* [TASK REQUIREMENTS]:
Retyping the entries exactly is all that is required.

---------- DATA FOR PROCESSING ----------

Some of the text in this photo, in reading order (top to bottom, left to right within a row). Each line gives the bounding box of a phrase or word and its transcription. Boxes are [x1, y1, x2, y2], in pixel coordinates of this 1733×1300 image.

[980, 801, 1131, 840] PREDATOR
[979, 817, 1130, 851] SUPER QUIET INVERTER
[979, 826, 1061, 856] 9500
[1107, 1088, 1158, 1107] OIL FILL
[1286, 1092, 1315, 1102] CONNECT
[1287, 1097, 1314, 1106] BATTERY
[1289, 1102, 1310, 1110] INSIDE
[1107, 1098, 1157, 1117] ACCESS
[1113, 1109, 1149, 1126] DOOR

----------

* [WRITTEN RESPONSE]:
Some of the text in this photo, in reading order (top to bottom, left to right within a row). Each line gives the bounding box of a phrase or word and its transcription. Boxes are [x1, y1, x2, y2], in pixel coordinates of this 1733×1300 image.

[980, 801, 1131, 840] PREDATOR
[979, 817, 1130, 851] SUPER QUIET INVERTER
[979, 826, 1061, 856] 9500
[1107, 1088, 1158, 1107] OIL FILL
[1286, 1092, 1315, 1102] CONNECT
[1287, 1097, 1314, 1106] BATTERY
[1289, 1102, 1310, 1110] INSIDE
[1107, 1098, 1157, 1117] ACCESS
[1113, 1109, 1149, 1126] DOOR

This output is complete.